_Work required_. The records are to be repeated in full, with the images removed.

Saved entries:

··········

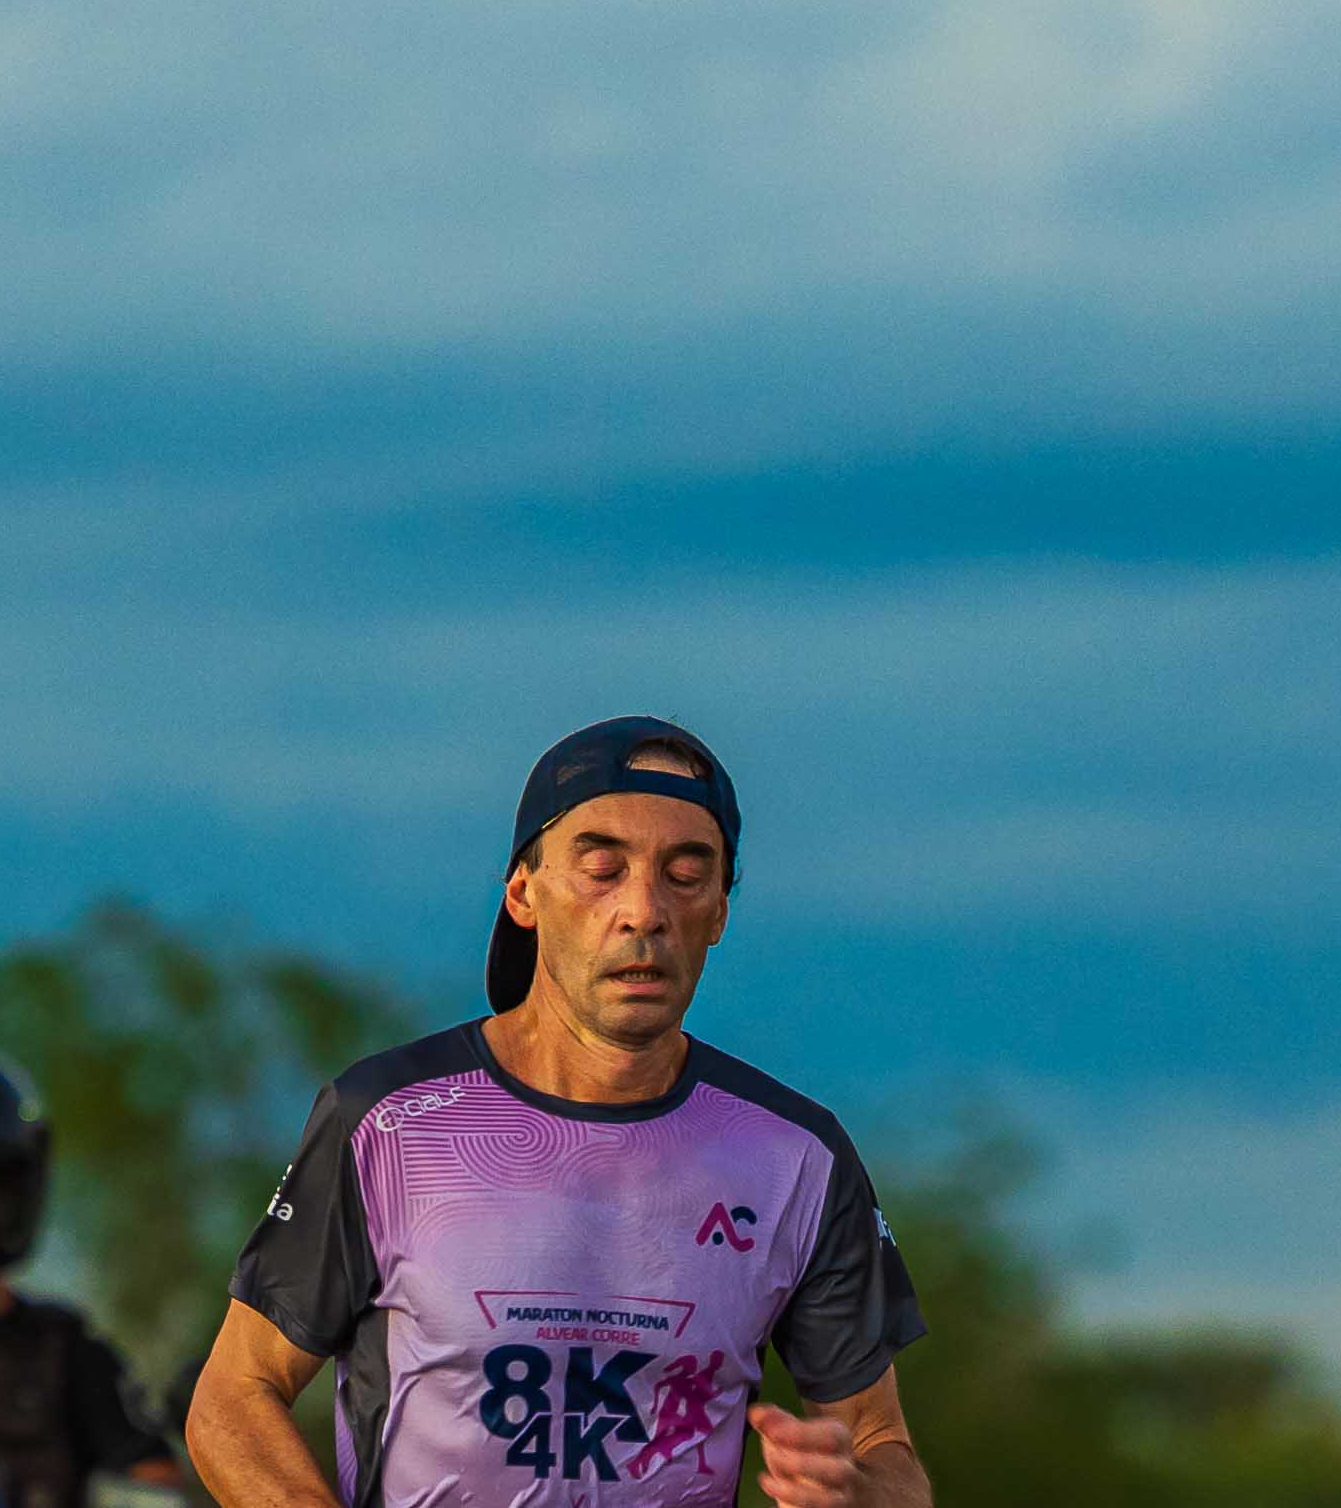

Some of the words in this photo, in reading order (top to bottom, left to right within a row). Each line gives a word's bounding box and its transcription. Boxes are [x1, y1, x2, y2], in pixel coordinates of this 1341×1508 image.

[506, 1306, 582, 1322] MARATON
[585, 1309, 669, 1331] NOCTURNA
[536, 1327, 589, 1341] ALVEAR
[592, 1328, 641, 1346] CORRE
[479, 1344, 660, 1444] 8K
[505, 1414, 622, 1482] 4K

··········

_Result of the task_.
Some of the words in this photo, in reading order (top to bottom, left to right within a row). Each line gives a word's bounding box and its transcription. Boxes are [x1, y1, x2, y2], in pixel coordinates of this 1341×1508 image.

[506, 1306, 582, 1322] MARATON
[585, 1309, 669, 1331] NOCTURNA
[536, 1327, 589, 1341] ALVEAR
[592, 1328, 641, 1346] CORRE
[479, 1344, 660, 1444] 8K
[505, 1414, 622, 1482] 4K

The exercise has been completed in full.